• **Referring expression grounding data**

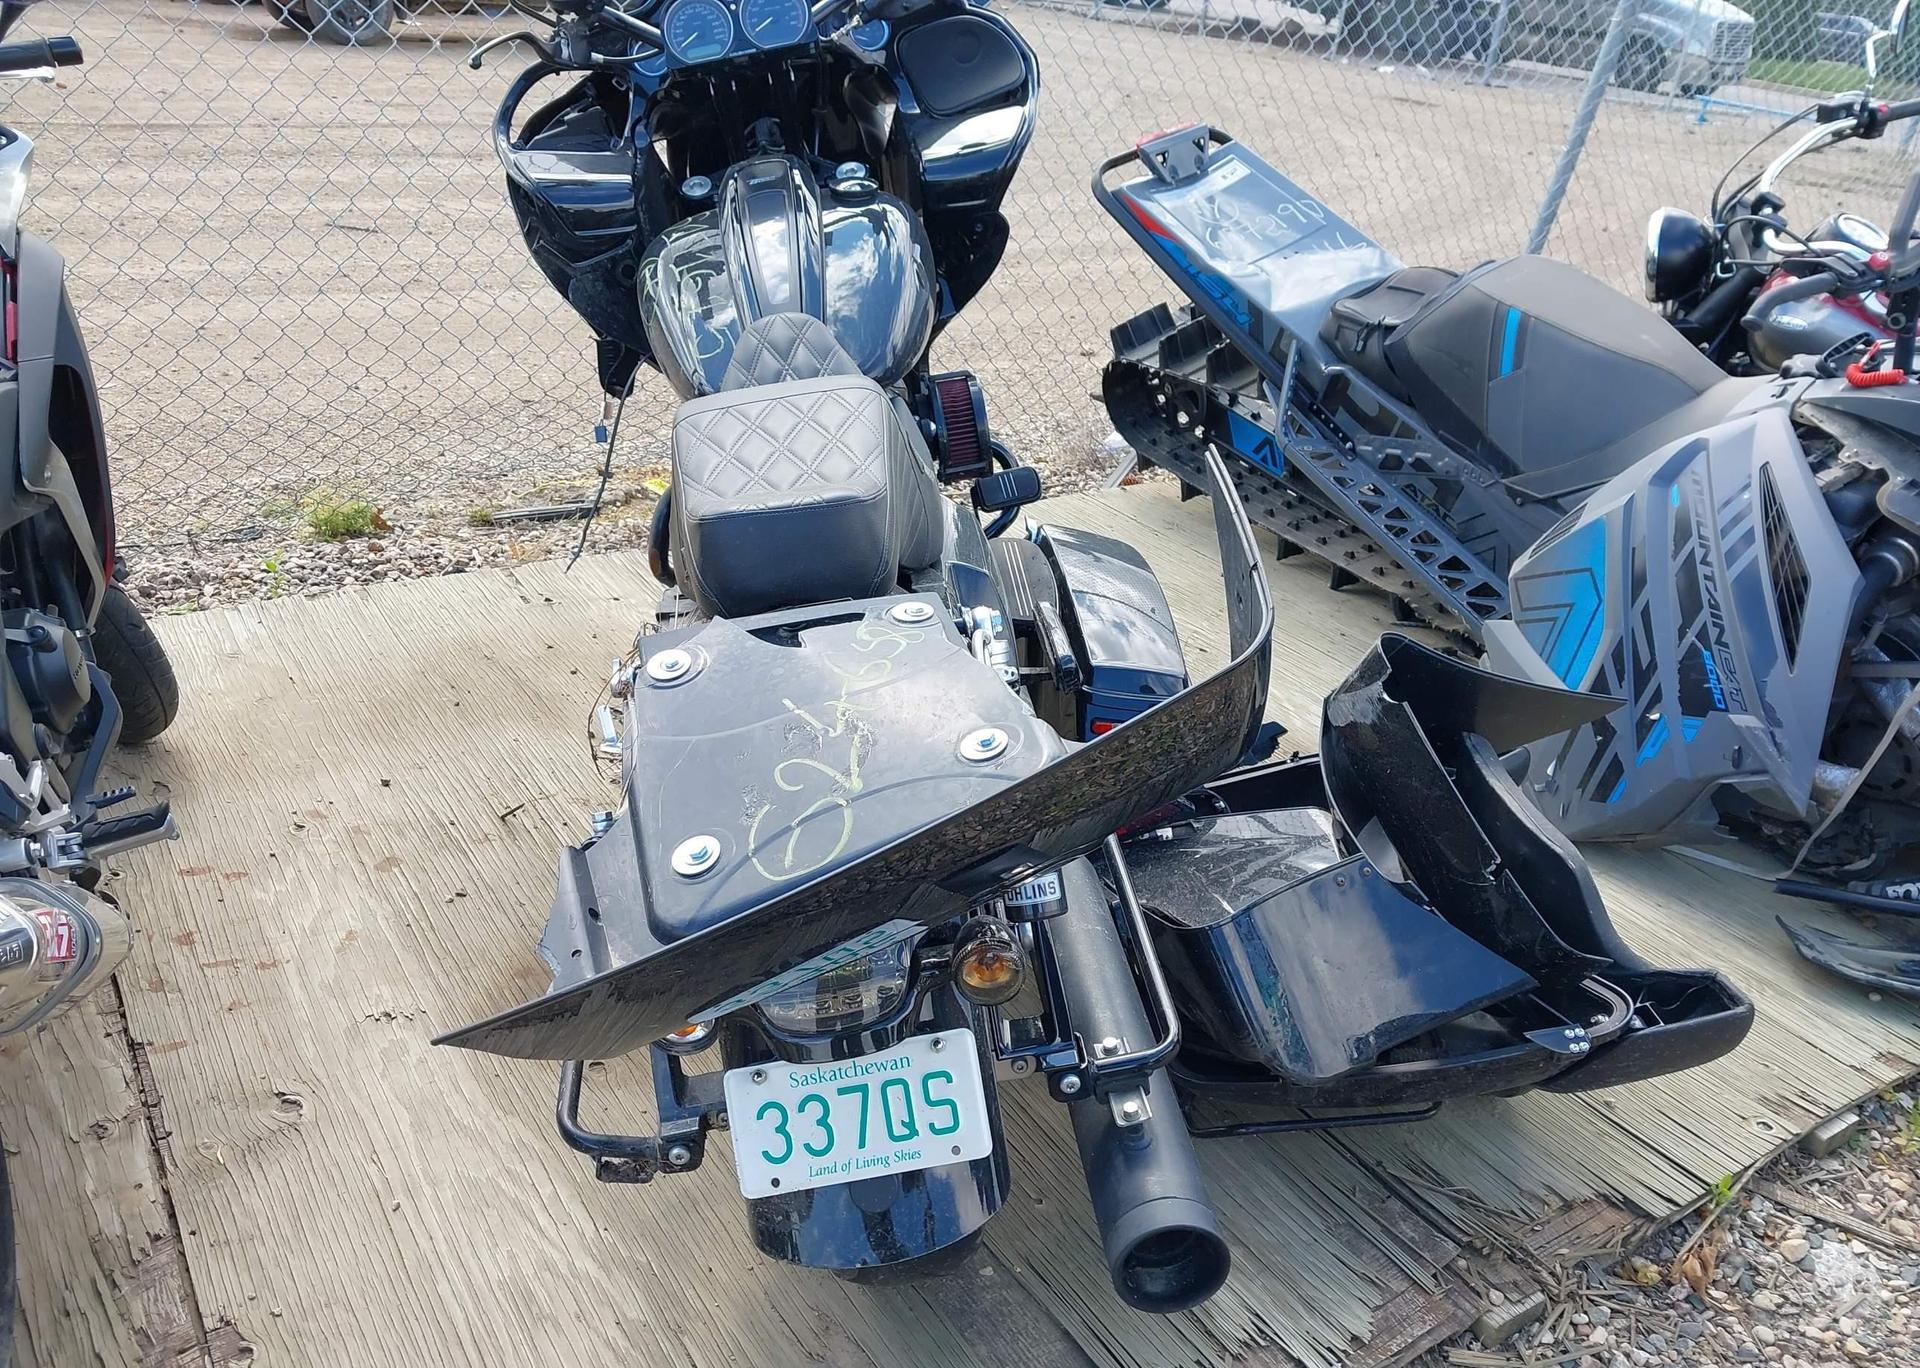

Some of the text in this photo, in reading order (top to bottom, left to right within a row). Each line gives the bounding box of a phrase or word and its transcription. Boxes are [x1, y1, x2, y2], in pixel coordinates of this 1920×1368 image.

[1702, 650, 1726, 710] 8000
[1886, 882, 1920, 900] FO
[789, 1055, 911, 1088] Saskatchewan
[756, 1069, 960, 1165] 337QS
[808, 1149, 922, 1178] Land of Living Skies
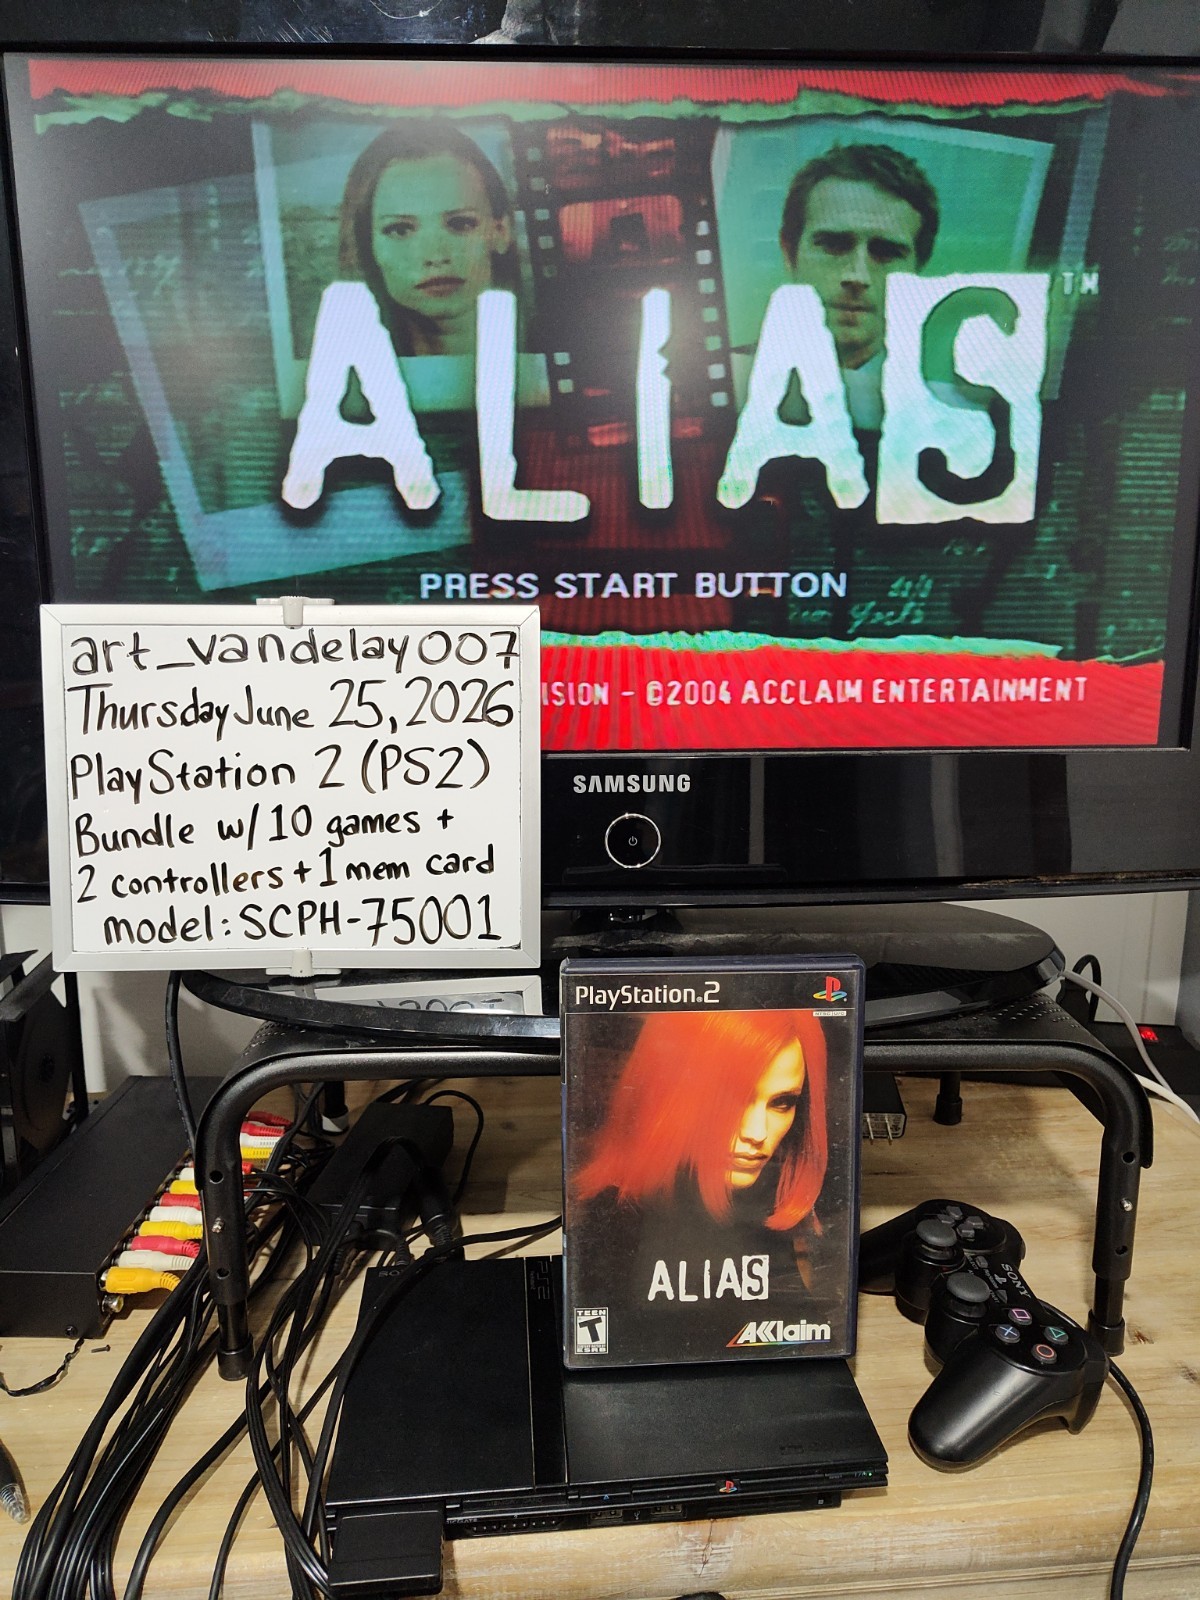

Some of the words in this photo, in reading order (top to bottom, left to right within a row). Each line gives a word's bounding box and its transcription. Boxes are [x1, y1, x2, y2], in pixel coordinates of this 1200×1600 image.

[281, 272, 1050, 525] ALIAS
[420, 573, 539, 599] PRESS
[555, 573, 678, 599] START
[695, 572, 848, 599] BUTTON
[67, 684, 230, 741] Thursday
[234, 685, 315, 731] June
[741, 678, 863, 706] ACCLAIM
[873, 676, 1088, 704] ENTERTAINMENT
[71, 749, 296, 805] PlayStation
[315, 745, 345, 789] 2
[362, 739, 490, 794] (PS2)
[573, 774, 691, 794] SAMSUNG
[76, 812, 195, 857] Bundle
[327, 811, 421, 848] games
[77, 865, 97, 904] 2
[346, 862, 410, 881] mem
[426, 844, 494, 876] card
[240, 894, 502, 947] SCPH-75001
[648, 1255, 769, 1302] ALIAS
[1000, 1263, 1032, 1299] SONY
[578, 1317, 603, 1343] T

• **Activity**
Set down the data exactly as it appears, without any images.

• **Solution to this problem**
Some of the text in this photo, in reading order (top to bottom, left to right within a row). Each line gives the bounding box of a phrase or word and its transcription. Boxes are [x1, y1, x2, y2], in pixel coordinates of this 1920×1368 image.

[1702, 650, 1726, 710] 8000
[1886, 882, 1920, 900] FO
[789, 1055, 911, 1088] Saskatchewan
[756, 1069, 960, 1165] 337QS
[808, 1149, 922, 1178] Land of Living Skies

Some of the words in this photo, in reading order (top to bottom, left to right within a row). Each line gives a word's bounding box and its transcription. Boxes are [x1, y1, x2, y2], in pixel coordinates of this 1200×1600 image.

[281, 272, 1050, 525] ALIAS
[420, 573, 539, 599] PRESS
[555, 573, 678, 599] START
[695, 572, 848, 599] BUTTON
[67, 684, 230, 741] Thursday
[234, 685, 315, 731] June
[741, 678, 863, 706] ACCLAIM
[873, 676, 1088, 704] ENTERTAINMENT
[71, 749, 296, 805] PlayStation
[315, 745, 345, 789] 2
[362, 739, 490, 794] (PS2)
[573, 774, 691, 794] SAMSUNG
[76, 812, 195, 857] Bundle
[327, 811, 421, 848] games
[77, 865, 97, 904] 2
[346, 862, 410, 881] mem
[426, 844, 494, 876] card
[240, 894, 502, 947] SCPH-75001
[648, 1255, 769, 1302] ALIAS
[1000, 1263, 1032, 1299] SONY
[578, 1317, 603, 1343] T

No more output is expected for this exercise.